☁️ When You Realize Heaven Was Just One Cheat Day Away…
An 85-year-old couple, married nearly 60 years, tragically passed in a car accident and arrived at the Pearly Gates together.
Thanks to the wife’s obsession with kale, yoga, and everything gluten-free, they were in tip-top shape right up to the end.
St. Peter greets them with a smile and leads them to their new heavenly home—a luxury mansion with a massive master suite, Jacuzzi, gourmet kitchen, and yes… a pool table.
“Wow,” the husband says, eyes wide. “How much does all this cost?”
St. Peter laughs. “Nothing. This is Heaven. It’s all free.”
Then they tour a world-class golf course—immaculate greens, changing daily to match the world’s top courses, and their own personal angel caddy.
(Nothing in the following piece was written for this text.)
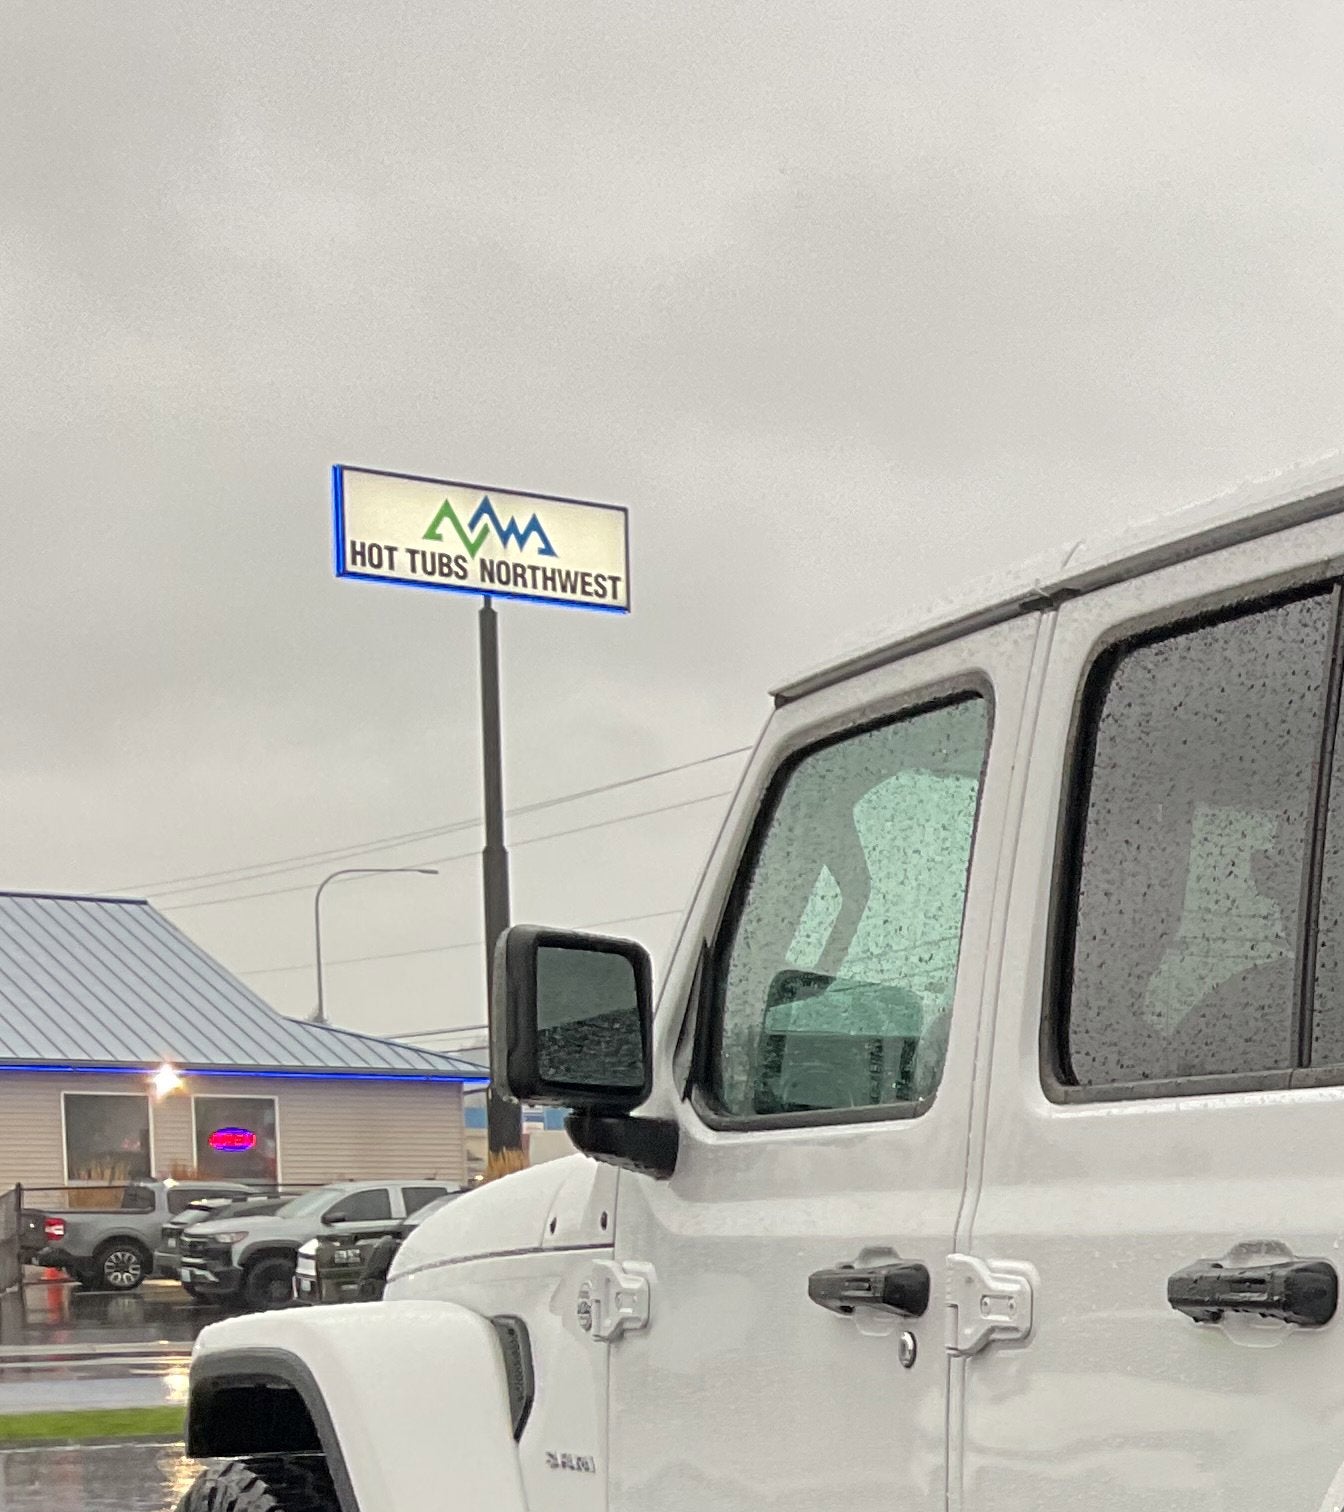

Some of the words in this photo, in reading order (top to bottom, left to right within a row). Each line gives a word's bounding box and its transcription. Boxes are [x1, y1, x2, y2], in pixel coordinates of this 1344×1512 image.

“And the green fees?” asks the wife.
“Still free,” Peter grins. “This is Heaven, remember?”
Next stop: a five-star buffet with lobster, prime rib, Wagyu beef, desserts that look illegal, and portions big enough to make your grandma proud.
The husband eyes the buffet suspiciously. “What’s the catch? Calories? Cholesterol?”
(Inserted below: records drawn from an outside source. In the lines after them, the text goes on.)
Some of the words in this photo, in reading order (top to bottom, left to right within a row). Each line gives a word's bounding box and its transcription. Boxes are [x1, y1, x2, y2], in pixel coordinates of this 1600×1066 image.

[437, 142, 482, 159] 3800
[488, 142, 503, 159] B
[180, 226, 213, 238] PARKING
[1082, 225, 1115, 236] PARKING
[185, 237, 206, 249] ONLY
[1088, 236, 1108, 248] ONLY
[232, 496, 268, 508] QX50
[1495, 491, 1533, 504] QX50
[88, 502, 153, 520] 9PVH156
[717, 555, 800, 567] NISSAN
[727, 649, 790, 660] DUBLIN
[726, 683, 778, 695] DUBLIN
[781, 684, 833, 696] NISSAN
Peter shakes his head. “You can eat anything. You’ll never get fat or sick again. Enjoy!”
Suddenly, the husband throws his hat on the ground, fuming.
“What’s wrong?” the wife asks.
He points at her and yells, “This is YOUR fault! If it weren’t for your stupid bran muffins and kale smoothies, we could’ve been here TEN YEARS AGO!!”
😂
Heavenly vibes… ruined by fiber.
Hope that gave you a good laugh today!
👴🔊 “Honey, What’s for Dinner?”—The Hearing Test Gone Wrong

An older gentleman noticed his wife wasn’t hearing him like she used to.
“Babe, I think you should get your hearing checked,” he said.
She waved him off. “I’m fine. You’re mumbling.”
So, determined to prove his point, he comes up with a plan.
He stands at the top of the stairs and yells:
“Honey! What’s for dinner?”
…No response.
He walks halfway down. “Honey! What’s for dinner?!”
Still nothing.
Now at the bottom of the stairs:
“Honey!! What’s for dinner?!”
Nada.
Finally, he walks right up behind her in the kitchen and shouts:
“What’s for dinner?!”
She spins around and goes,
“For the FOURTH TIME, AL… IT’S CHICKEN!!!”
😂😂😂
Turns out, he was the one who needed the hearing test all along!